Groundbreaking history of Adaptive Use Musical Instrument chronicled in new book
LAWRENCE — How can you write a book about an app?
That was the question faced by Sherrie Tucker and her colleagues.
“But our project leader, composer Pauline Oliveros, always said that what was important about AUMI is not the app but how people use it,” said Tucker, professor of American studies at the University of Kansas.
The AUMI (Adaptive Use Musical Instrument) software allows individuals with limited mobility to play music. The free program is installed on any computer, tablet or smartphone that has a camera. Movement with whichever part of the body is selected (finger, nose, chest) triggers an array of sounds, from the melodious to the idiosyncratic.
Tucker is one of the editors and contributors to a book titled “Improvising Across Abilities: Pauline Oliveros and the Adaptive Use Musical Instrument.” It details the origins of the AUMI and spotlights its creator, Oliveros (1932-2016), an American composer considered a pioneer in the development of experimental and electronic music. The book was published by University of Michigan Press.
“We did an open call for chapters of all shapes and sizes by sending it out to everyone who had downloaded the instrument. So we have poems. We have videos of people dancing with it. There’s a whole section on music therapists, and even they all use it differently,” she said.

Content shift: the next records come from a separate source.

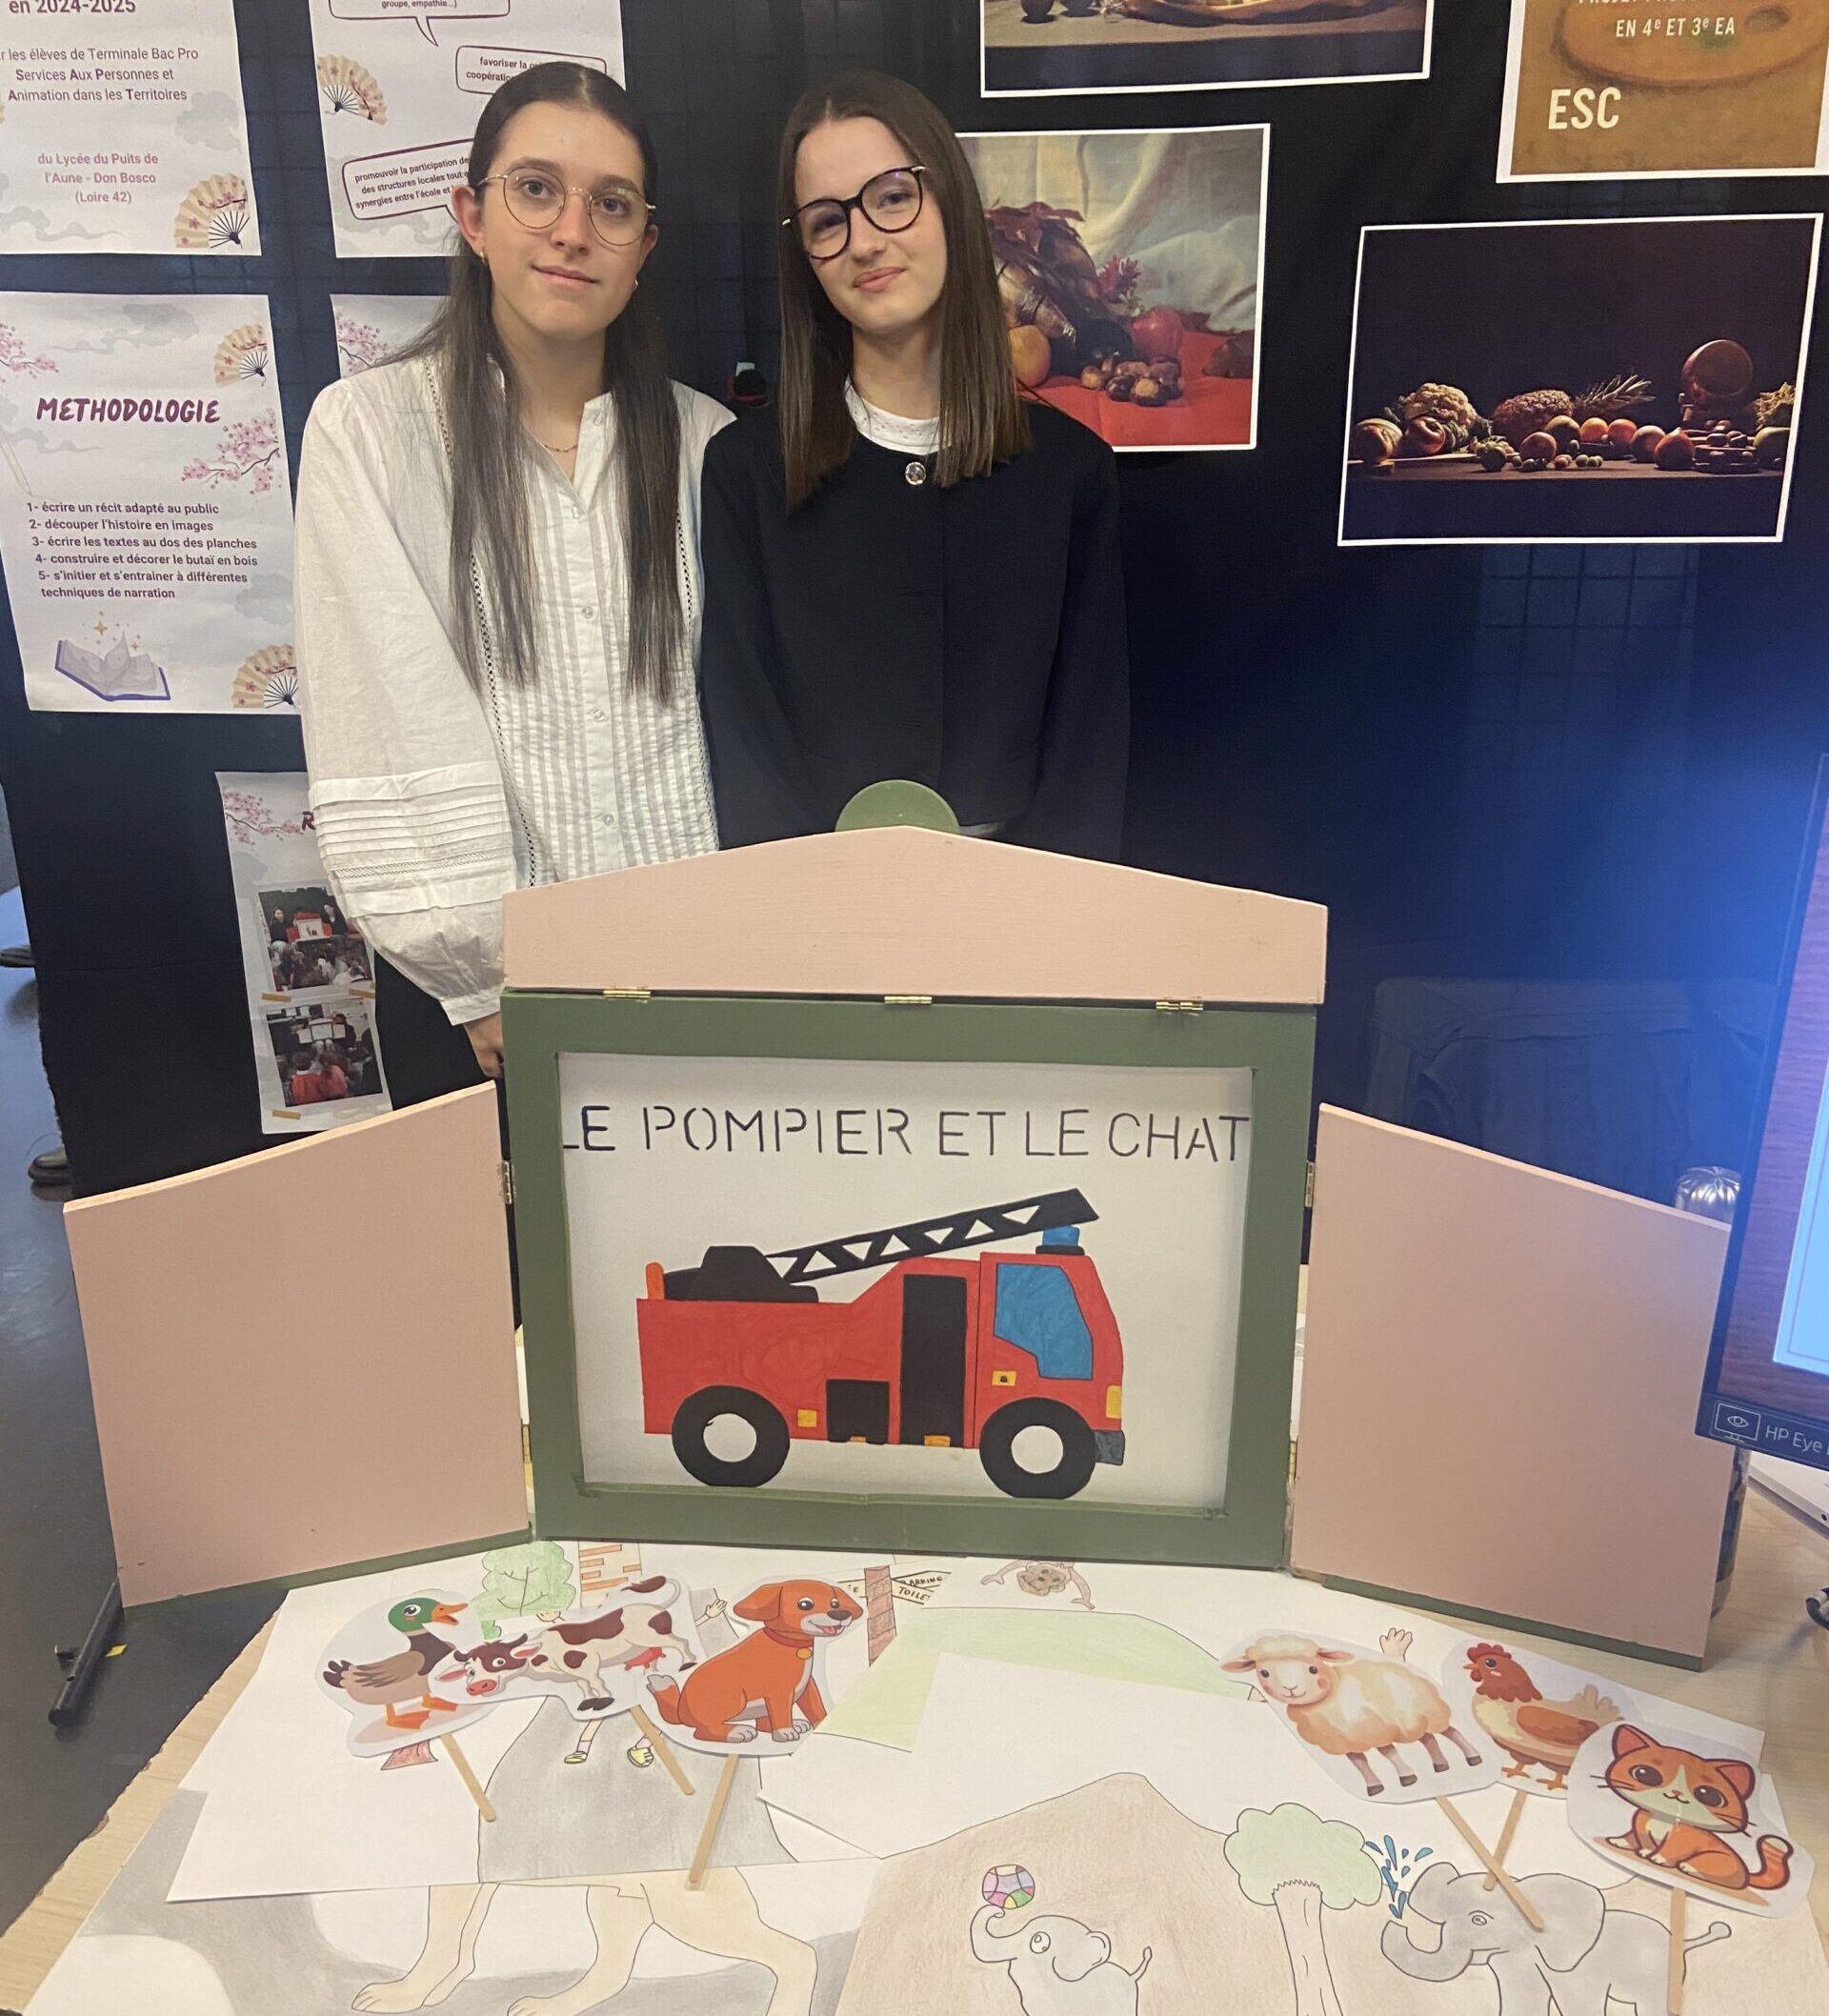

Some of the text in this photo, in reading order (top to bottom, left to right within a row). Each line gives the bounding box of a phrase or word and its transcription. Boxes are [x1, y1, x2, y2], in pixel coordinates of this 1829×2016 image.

[10, 0, 136, 13] en 2024-2025
[1616, 19, 1637, 37] EN
[1666, 17, 1686, 36] ET
[1715, 17, 1735, 35] EA
[9, 48, 26, 61] les
[30, 48, 67, 60] élèves
[70, 48, 85, 60] de
[88, 48, 149, 60] Terminale
[151, 48, 174, 60] Bac
[178, 48, 198, 60] Pro
[480, 56, 517, 68] favoriser
[15, 68, 173, 81] Services Aux Personnes et
[466, 71, 513, 81] coopératio
[8, 88, 187, 101] Animation dans les Territoires
[1548, 87, 1620, 130] ESC
[38, 153, 158, 167] du Lycée du Puits de
[355, 167, 398, 183] promouvoir
[410, 158, 457, 174] participation
[45, 172, 83, 184] l'Aune
[94, 172, 117, 184] Don
[120, 172, 156, 184] Bosco
[362, 186, 375, 194] des
[377, 179, 416, 192] structures
[418, 174, 445, 185] locales
[447, 171, 462, 180] tout
[75, 192, 131, 204] (Loire 42)
[356, 196, 392, 210] synergies
[395, 192, 414, 202] entre
[416, 188, 441, 199] l'école
[37, 398, 221, 423] METHODOLOGIE
[27, 501, 219, 515] 1- écrire un récit adapté au public
[30, 518, 213, 533] 2- découper l'histoire en images
[32, 535, 257, 549] 3- écrire les textes au dos des planches
[35, 553, 47, 563] 4-
[50, 553, 110, 564] construire
[112, 554, 123, 564] et
[126, 553, 171, 564] décorer
[173, 554, 183, 564] le
[217, 555, 231, 565] en
[234, 554, 258, 565] bois
[38, 570, 50, 579] 5-
[53, 570, 96, 580] s'initier
[100, 571, 111, 580] et
[176, 571, 184, 581] à
[187, 571, 248, 582] différentes
[41, 587, 175, 599] techniques de narration
[563, 1105, 1250, 1162] E POMPIER ET LE CHAT
[1765, 1425, 1789, 1440] HP
[1793, 1432, 1821, 1452] Eye

Other KU contributors to the 390-page project include KU faculty members Michelle Heffner Hayes, Ray Mizumura-Pence and Nicole Hodges Persley; graduate student Caleb Lázaro Moreno and student Kendall Conway.

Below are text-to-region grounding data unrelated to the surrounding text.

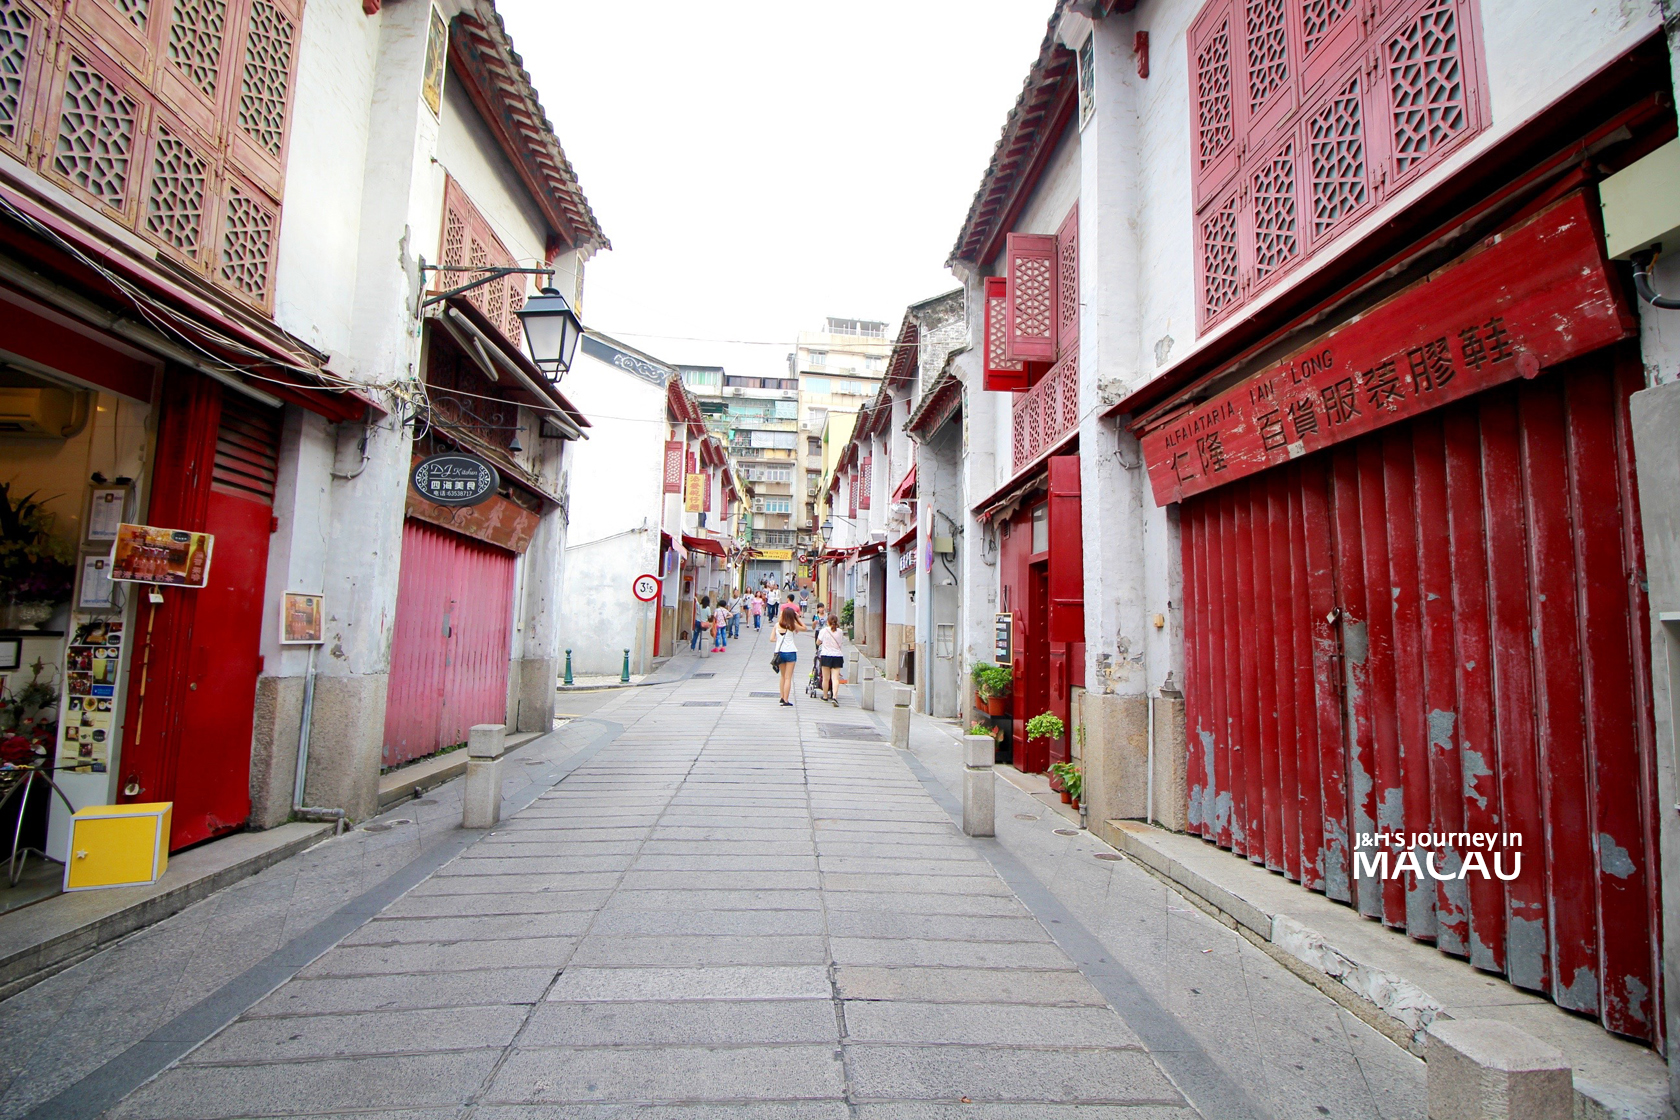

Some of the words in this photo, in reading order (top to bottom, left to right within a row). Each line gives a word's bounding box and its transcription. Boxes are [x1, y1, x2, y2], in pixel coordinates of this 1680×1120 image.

[1165, 401, 1235, 449] ALFAIATARIA
[1250, 380, 1275, 406] IAN
[1290, 349, 1333, 386] LONG
[1171, 430, 1228, 487] 仁隆
[1256, 316, 1514, 453] 百貨服裝膠鞋
[430, 463, 453, 478] DJ
[430, 480, 476, 491] 四海美食
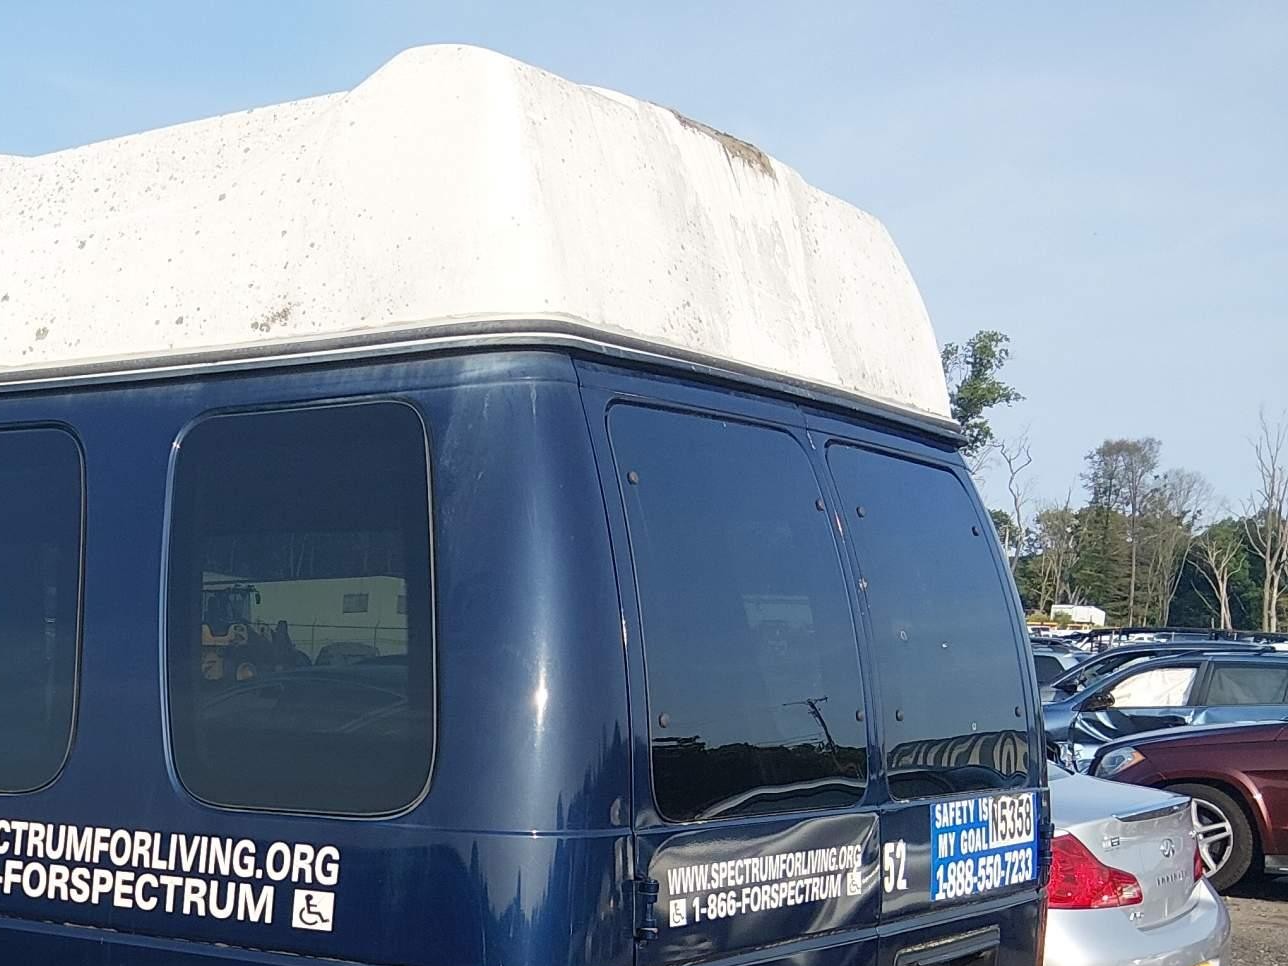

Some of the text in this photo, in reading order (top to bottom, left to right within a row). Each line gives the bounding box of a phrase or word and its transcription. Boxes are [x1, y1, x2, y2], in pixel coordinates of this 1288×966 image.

Tucker helped found the AUMI-KU InterArts, an affiliate of the international research group dedicated to spreading usage of this instrument. (The KU branch focuses on “interdisciplinary arts and improvisation.”) She first met Oliveros in 2007 while working together on a grant project, right as the composer had started dabbling with the AUMI.
“Pauline thought that listening could heal the world. And she meant that really broadly. She wasn’t using a hearing definition of listening – she was also interested in compositions for deaf audiences," Tucker said. "She felt improvisation was a way not only for people to listen to themselves but to learn how to listen to everyone and to the environment.”
As described in the book, the AUMI (pronounced like “cow-me”) was designed as a “liberating and affordable alternative to the constraints of instruments created only for normative bodies, thus opening a doorway for people of all ages, genders, abilities, races and socioeconomic backgrounds to access artistic practice with others.”
“It’s a way to create something together, and the goal is to have everybody affected,” Tucker said. “It’s everybody’s creation. The instrument is so flexible. I’ve played it in so many different settings, different aesthetics, different musical backgrounds and interests.”
She recalled performing a composition by recording all the distinctive sounds her car makes.
“One of our regular improvisers here in Lawrence is a serious bowler. So we’ve made sound-collecting trips to the bowling alley and uploaded those to create instruments,” she said. “You know what’s the coolest sound in the bowling alley? The ball return. You put a microphone inside that, and you can hear this sonic echo chamber.”
Ultimately, Tucker hopes readers not only embrace the societal and community benefits that the AUMI elicits but also learn of Oliveros’ influence on so many people.
“Pauline was very inclusive,” Tucker said.
“So she had a lifetime career of creating pieces and instruments for musicians and non-musicians to play together. She didn’t like passive relationships with music. Sure, she’s a pioneer of music technology. But she was never interested in making it more and more precise. She liked technology that made a difference in everyone’s ‘experience’ of music.”